Once the above changes are applied restart the system or run the below command to reload sysctl params without reboot

$ sudo sysctl --system 

Install containerd runtime

Installation of containerd runtime is fairly straightforward. Expect that its defaults are geared towards Docker rather than Kubernetes. It took some time for me to figure it out.

$ sudo apt install apt-transport-https ca-certificates curl gnupg lsb-release -y 
$ curl -fsSL https://download.docker.com/linux/ubuntu/gpg | sudo gpg --dearmor -o /usr/share/keyrings/docker-archive-keyring.gpg 
$ echo "deb [arch=$(dpkg --print-architecture) signed-by=/usr/share/keyrings/docker-archive-keyring.gpg] https://download.docker.com/linux/ubuntu $(lsb_release -cs) stable"| sudo tee /etc/apt/sources.list.d/docker.list >/dev/null 
$ sudo apt-get update && sudo apt-get install containerd.io=1.6.4-1 -y 

Once installed check if containerd is running

$ systemctl is-enabled containerd 
$ systemctl status containerd

As containerd is going to be used as Kubernetes runtime default configs doesn’t work out of the box. Delete and re-create the configs and once created let containerd know that it’s running under the systemd system.

$ rm -rf /etc/containerd/config.toml 
$ containerd config default | sudo tee /etc/containerd/config.toml 

Find the following section [plugins."io.containerd.grpc.v1.cri".containerd.runtimes.runc.options] And set the value of SystemdCgroup to true in the newley generated config.toml file or run below command which does the same.
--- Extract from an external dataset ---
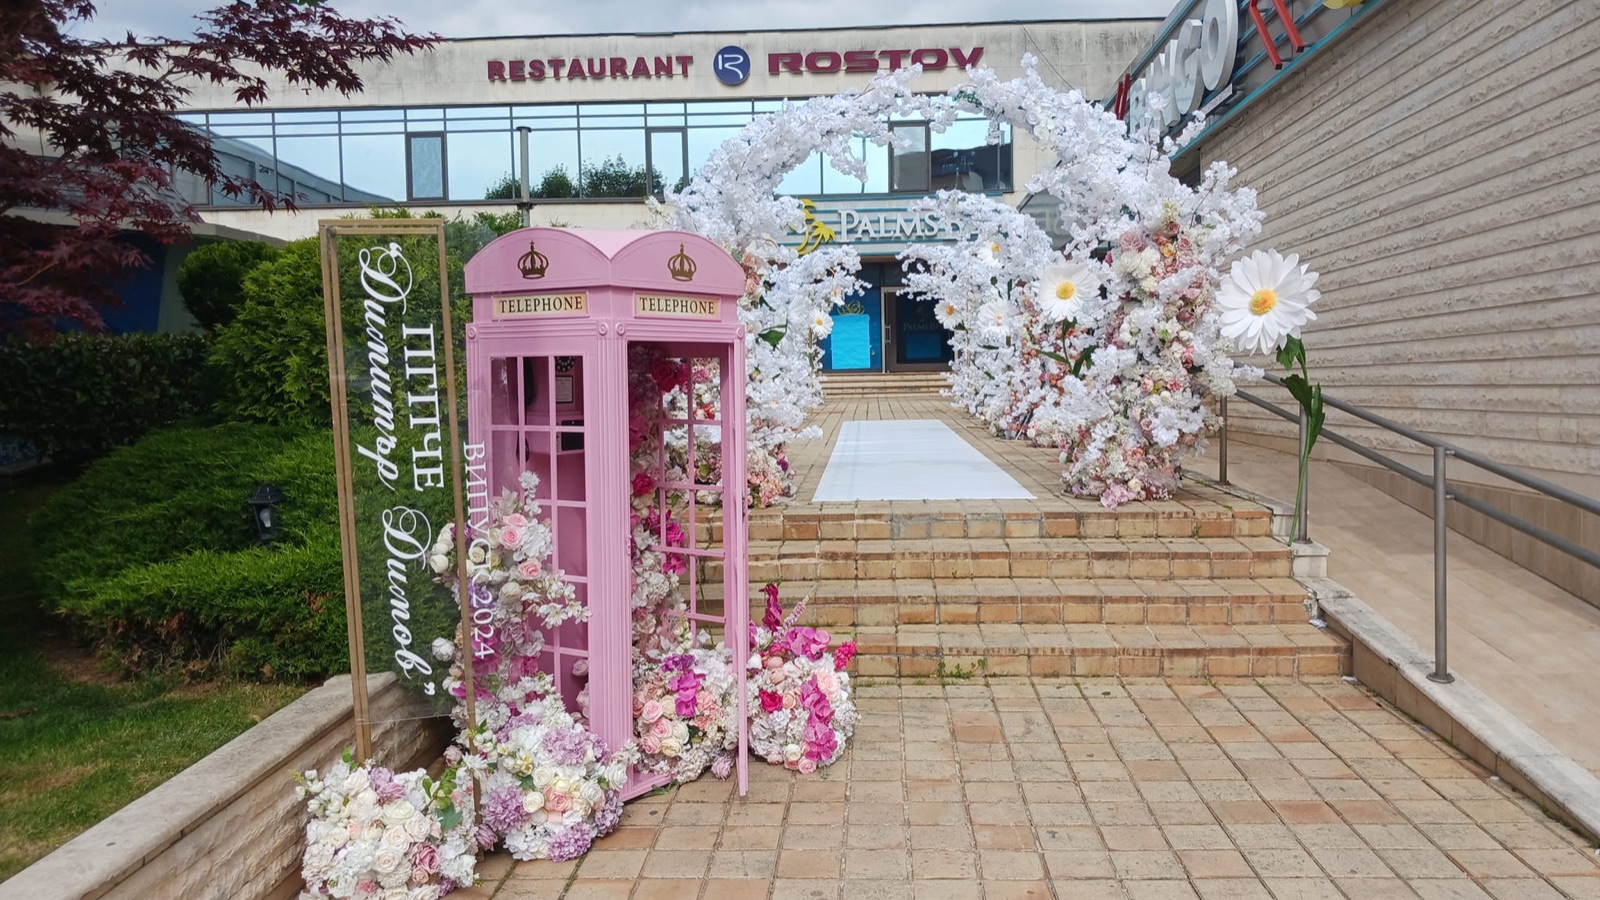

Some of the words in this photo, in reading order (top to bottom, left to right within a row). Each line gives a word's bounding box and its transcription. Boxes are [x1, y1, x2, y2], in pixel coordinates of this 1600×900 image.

$ sed -i 's/SystemdCgroup = false/SystemdCgroup = true/' /etc/containerd/config.toml 

Install kubeadm, kubelet and kubectl

Steps are directly from Kubernetes docs

$ sudo curl -fsSLo /usr/share/keyrings/kubernetes-archive-keyring.gpg https://packages.cloud.google.com/apt/doc/apt-key.gpg 
$ echo "deb [signed-by=/usr/share/keyrings/kubernetes-archive-keyring.gpg] https://apt.kubernetes.io/ kubernetes-xenial main"| sudo tee /etc/apt/sources.list.d/kubernetes.list 
$ sudo apt-get update && sudo apt-get install kubelet=1.24.0-00 kubeadm=1.24.0-00 kubectl=1.24.0-00 -y 
$ sudo apt-mark hold kubelet kubeadm kubectl

Follow Kubernetes docs from here on to initialise the cluster, add the CNI plugin and join the worker nodes.